Can someone explain how the shorthand assignment operator actually works?

Question

#include <iostream>
using namespace std;
int main()
{   
    int x=2,a=3,b=2;
    x*=a/b;
    cout<<x<<" ";
    x=2;
    x=x*a/b;
    cout<<x;
    return 0;
}

I am getting output as: 2 3 while in my opinion x*=a/b; and x=x*a/b; mean the same thing. Can anybody explain this behaviour?

Answer 1

I am getting output as: 2 3 while in my opinion x*=a/b; and x=x*a/b; mean the same thing.
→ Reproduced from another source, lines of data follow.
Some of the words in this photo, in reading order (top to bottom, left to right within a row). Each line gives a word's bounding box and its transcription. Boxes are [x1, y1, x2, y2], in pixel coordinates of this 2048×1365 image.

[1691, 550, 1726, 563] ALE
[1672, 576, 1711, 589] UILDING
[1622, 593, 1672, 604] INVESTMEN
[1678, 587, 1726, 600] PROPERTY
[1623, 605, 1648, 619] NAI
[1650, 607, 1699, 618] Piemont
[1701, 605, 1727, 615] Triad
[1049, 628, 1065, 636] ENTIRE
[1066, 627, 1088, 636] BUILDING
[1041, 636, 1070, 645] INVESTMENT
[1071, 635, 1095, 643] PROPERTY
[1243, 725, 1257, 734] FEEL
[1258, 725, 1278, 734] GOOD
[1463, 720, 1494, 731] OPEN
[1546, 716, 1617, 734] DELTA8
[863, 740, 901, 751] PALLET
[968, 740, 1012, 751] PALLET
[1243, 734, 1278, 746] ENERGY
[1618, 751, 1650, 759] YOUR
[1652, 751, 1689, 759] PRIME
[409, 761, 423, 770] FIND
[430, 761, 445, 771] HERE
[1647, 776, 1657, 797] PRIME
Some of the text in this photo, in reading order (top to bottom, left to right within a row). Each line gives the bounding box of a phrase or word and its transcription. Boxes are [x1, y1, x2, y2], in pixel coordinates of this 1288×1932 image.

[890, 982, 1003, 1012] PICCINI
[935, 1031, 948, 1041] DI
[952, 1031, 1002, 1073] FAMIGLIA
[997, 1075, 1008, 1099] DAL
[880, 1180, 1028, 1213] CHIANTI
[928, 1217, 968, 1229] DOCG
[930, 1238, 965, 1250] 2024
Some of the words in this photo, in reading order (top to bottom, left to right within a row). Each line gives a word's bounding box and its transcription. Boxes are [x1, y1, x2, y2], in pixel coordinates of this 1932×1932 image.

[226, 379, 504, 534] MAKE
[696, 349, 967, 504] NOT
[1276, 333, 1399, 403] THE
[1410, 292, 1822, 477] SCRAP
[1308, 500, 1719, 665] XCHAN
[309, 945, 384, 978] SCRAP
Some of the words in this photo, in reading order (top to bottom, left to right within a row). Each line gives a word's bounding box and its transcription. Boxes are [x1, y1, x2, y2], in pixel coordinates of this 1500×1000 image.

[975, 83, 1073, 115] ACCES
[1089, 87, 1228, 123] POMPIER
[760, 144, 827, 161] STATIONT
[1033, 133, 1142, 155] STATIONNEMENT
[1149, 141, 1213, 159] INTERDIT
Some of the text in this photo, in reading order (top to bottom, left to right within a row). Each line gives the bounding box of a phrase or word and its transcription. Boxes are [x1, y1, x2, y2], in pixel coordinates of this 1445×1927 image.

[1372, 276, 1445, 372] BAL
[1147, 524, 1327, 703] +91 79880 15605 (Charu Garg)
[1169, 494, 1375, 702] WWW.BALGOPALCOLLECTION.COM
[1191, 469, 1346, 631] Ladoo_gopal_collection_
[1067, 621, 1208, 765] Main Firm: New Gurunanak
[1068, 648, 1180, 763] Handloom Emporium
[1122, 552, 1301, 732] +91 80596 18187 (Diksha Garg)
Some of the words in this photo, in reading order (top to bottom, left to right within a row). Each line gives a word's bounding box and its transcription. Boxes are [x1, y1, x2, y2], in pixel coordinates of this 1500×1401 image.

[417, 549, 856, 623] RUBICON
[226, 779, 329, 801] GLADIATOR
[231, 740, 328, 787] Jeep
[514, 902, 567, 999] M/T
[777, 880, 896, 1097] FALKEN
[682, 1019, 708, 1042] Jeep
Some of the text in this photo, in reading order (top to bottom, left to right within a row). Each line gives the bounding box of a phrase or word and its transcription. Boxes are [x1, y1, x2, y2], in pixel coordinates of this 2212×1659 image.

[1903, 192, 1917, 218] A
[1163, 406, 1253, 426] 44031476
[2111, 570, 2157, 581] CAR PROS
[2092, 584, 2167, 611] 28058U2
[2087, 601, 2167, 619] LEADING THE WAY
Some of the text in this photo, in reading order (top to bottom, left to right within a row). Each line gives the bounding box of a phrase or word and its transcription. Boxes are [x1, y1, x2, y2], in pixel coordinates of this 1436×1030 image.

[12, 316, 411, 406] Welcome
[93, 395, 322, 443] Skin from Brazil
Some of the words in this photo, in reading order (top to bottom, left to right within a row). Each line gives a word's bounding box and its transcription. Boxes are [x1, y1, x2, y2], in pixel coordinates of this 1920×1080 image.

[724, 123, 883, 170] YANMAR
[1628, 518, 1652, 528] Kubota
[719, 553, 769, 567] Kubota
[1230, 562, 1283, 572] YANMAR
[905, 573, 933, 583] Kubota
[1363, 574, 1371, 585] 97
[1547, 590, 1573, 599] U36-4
Can anybody explain this behaviour?

x *= a / b;
//   ^^^^^

This is integer division, the rest is discarded and therefore 3 / 2 is 1.
Therefore the expression x *= a / b is the same as x *= 1 which stays 2.

x = x * a / b;

On the other hand is evaluated as

x = (x * a) / b;

The result is then

x = (2 * 3) / 2;

becomes

x = 6 / 2;

which is 3

Answer 2

Per [expr.ass]/6 E1 *= E2 is exactly he same as E1 = E1 * E2. That does not mean that x*=a/b; is the same as x=x*a/b;. Since E2 is a/b, x*=a/b; is actually equivalent to x=x*(a/b); which does produce the same results.

Answer 3

They are not quite the same.

x *= a / b is grouped as x *= (a / b) and a / b takes place in integer arithmetic (it's 1).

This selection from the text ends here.